Leustak has won the ear of Republican state Sen. Sean Kean, who is sponsoring legislation that seeks a plan to overhaul Garden State alimony laws like lifetime payments.
"In New Jersey, an individual divorced 30 years ago could still be required to make payments to his or her spouse while in retirement, irrespective of changes in income or other life events," Kean said. "The existing law doesn't set adequate limits on the length and amount of alimony payments or provide for adjustments as a result of changed life circumstances.”
Kean introduced a bill on Tuesday, the first day of the new legislative session, that would set up a panel to study reforms. The senator noted that the issue of child support will not be part of the panel's investigation or resulting legislation.
Under New Jersey law, a judge may award lifetime alimony in a divorce judgment for marriages lasting as few as 10 years. Unless the spouse required to make payments successfully petitions the court, there is no legal provision for adjustments in the event of a loss of employment or earnings or a financially burdensome medical condition.

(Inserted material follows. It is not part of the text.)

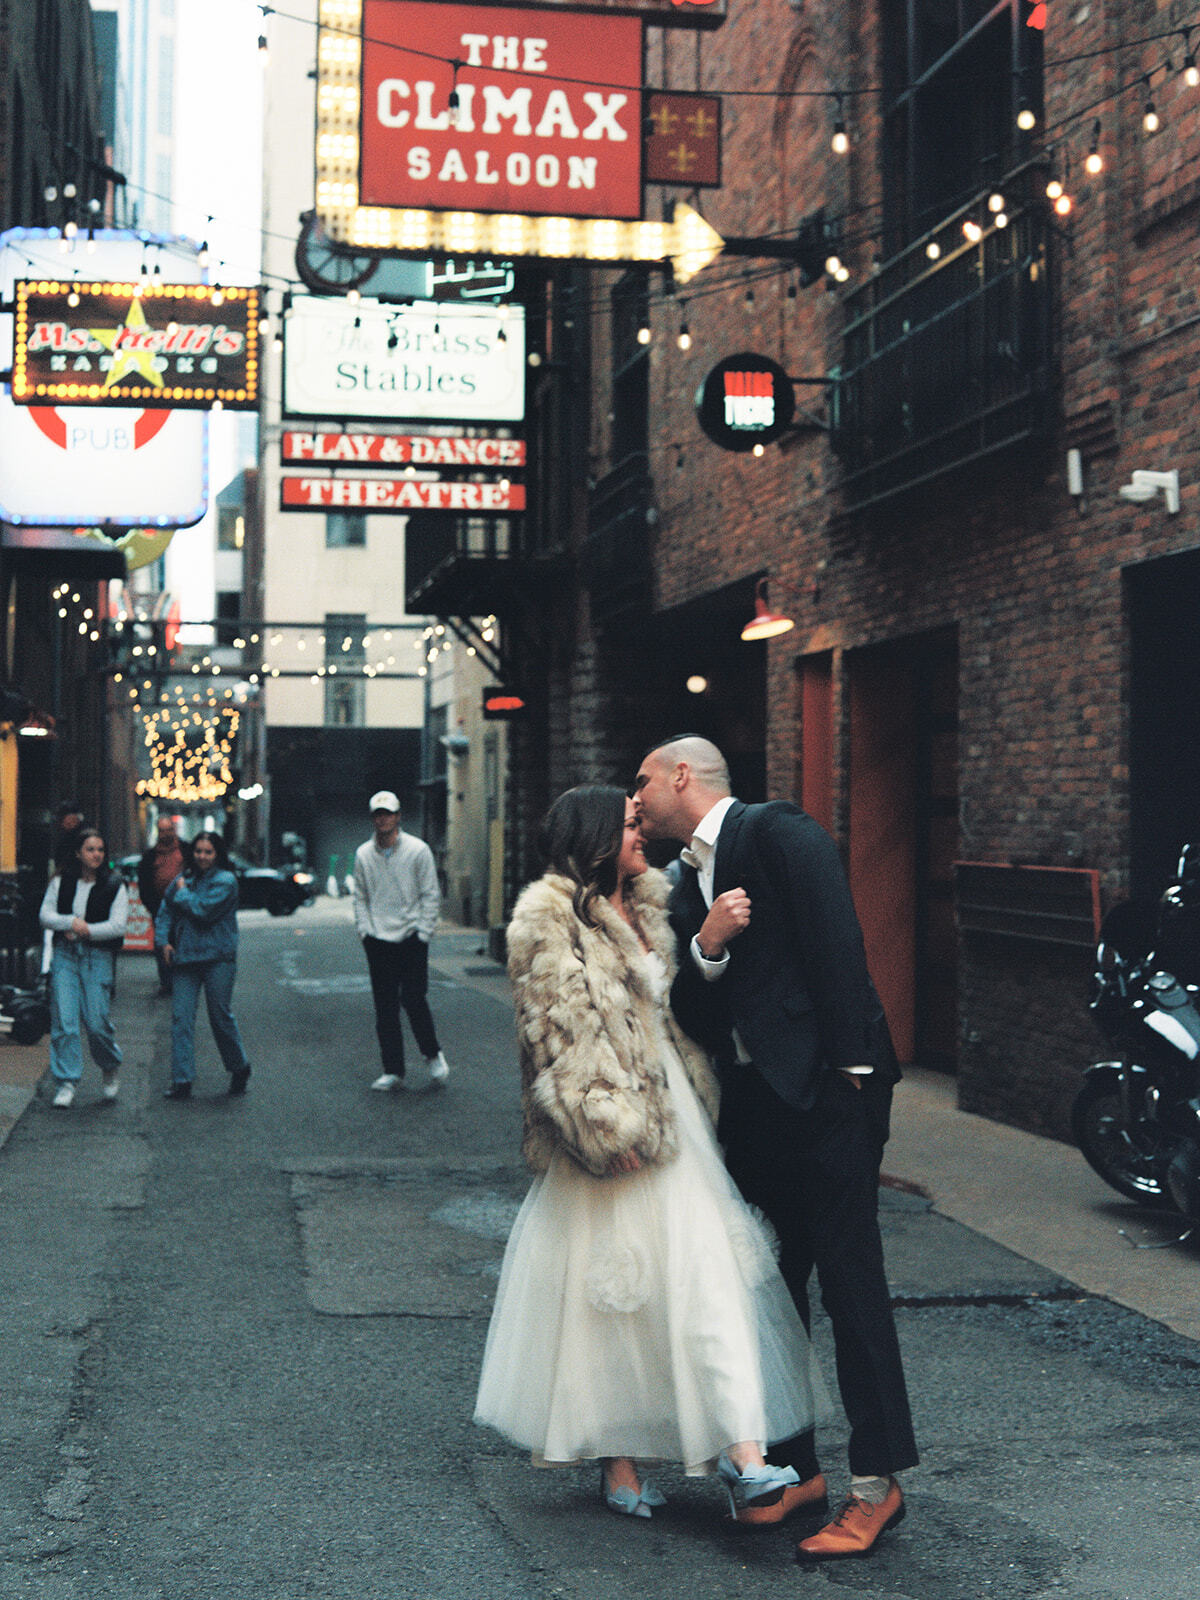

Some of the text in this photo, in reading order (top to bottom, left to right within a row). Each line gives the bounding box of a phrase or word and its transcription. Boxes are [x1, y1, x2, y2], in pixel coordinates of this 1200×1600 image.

Thirteen factors currently influence New Jersey alimony judgments. They include: the need and ability of both parties; duration of the union; age and health of both parties; the standard of living and earning capacity of both parties; and the distribution of property. The state does not take into account fault for the break up of a marriage, over-spending or financial irresponsibility, credit card abuse or unwillingness to work.
Leustek formed the grassroots organization after closely watching sweeping changes in Massachusetts. Late last year, the Massachusetts Assembly unanimously voted to abolish lifetime spousal support in most cases; alimony now generally ends when a payer hits retirement or the person receiving spousal support begins living with a romantic partner. In addition, a new formula was established for alimony based on the length of the marriage. For example, after a 15-year marriage, alimony would generally last no longer than 10.5 years.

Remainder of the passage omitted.